[WORK INSTRUCTIONS]:
Write the data out again, character for character, with no images.

===============

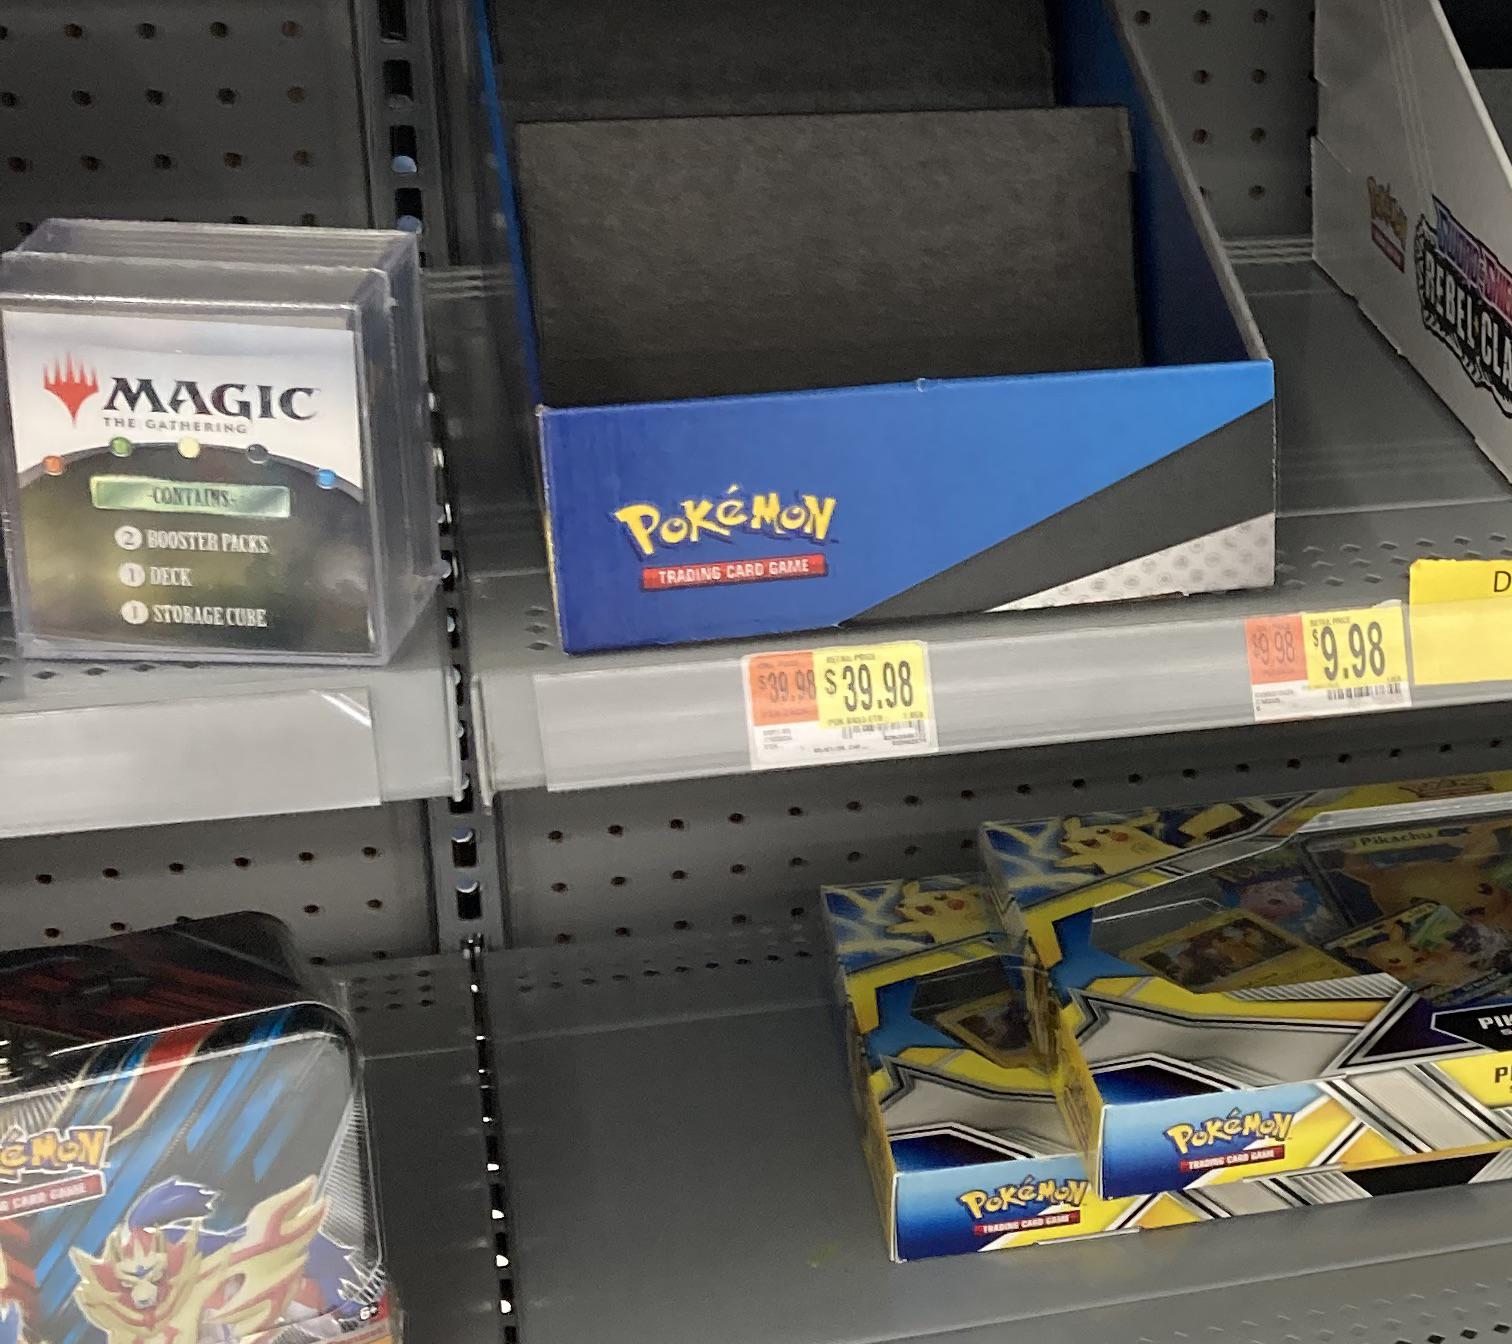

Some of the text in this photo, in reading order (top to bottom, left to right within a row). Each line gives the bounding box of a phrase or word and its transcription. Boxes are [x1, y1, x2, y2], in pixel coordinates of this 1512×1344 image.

[103, 377, 321, 422] MAGIC
[104, 418, 247, 435] THE GATHERING
[146, 529, 218, 551] BOOSTER
[221, 533, 271, 553] PACKS
[150, 566, 192, 586] DECK
[659, 559, 809, 585] TRADING CARD GAME
[153, 604, 267, 627] STORAGE CUBE
[1312, 621, 1385, 680] $9.98
[824, 660, 913, 712] $39.98
[1189, 1157, 1225, 1171] TRADING
[1227, 1154, 1249, 1167] CARD

===============

[EXERCISE ANSWER]:
Some of the text in this photo, in reading order (top to bottom, left to right within a row). Each line gives the bounding box of a phrase or word and its transcription. Boxes are [x1, y1, x2, y2], in pixel coordinates of this 1512×1344 image.

[103, 377, 321, 422] MAGIC
[104, 418, 247, 435] THE GATHERING
[146, 529, 218, 551] BOOSTER
[221, 533, 271, 553] PACKS
[150, 566, 192, 586] DECK
[659, 559, 809, 585] TRADING CARD GAME
[153, 604, 267, 627] STORAGE CUBE
[1312, 621, 1385, 680] $9.98
[824, 660, 913, 712] $39.98
[1189, 1157, 1225, 1171] TRADING
[1227, 1154, 1249, 1167] CARD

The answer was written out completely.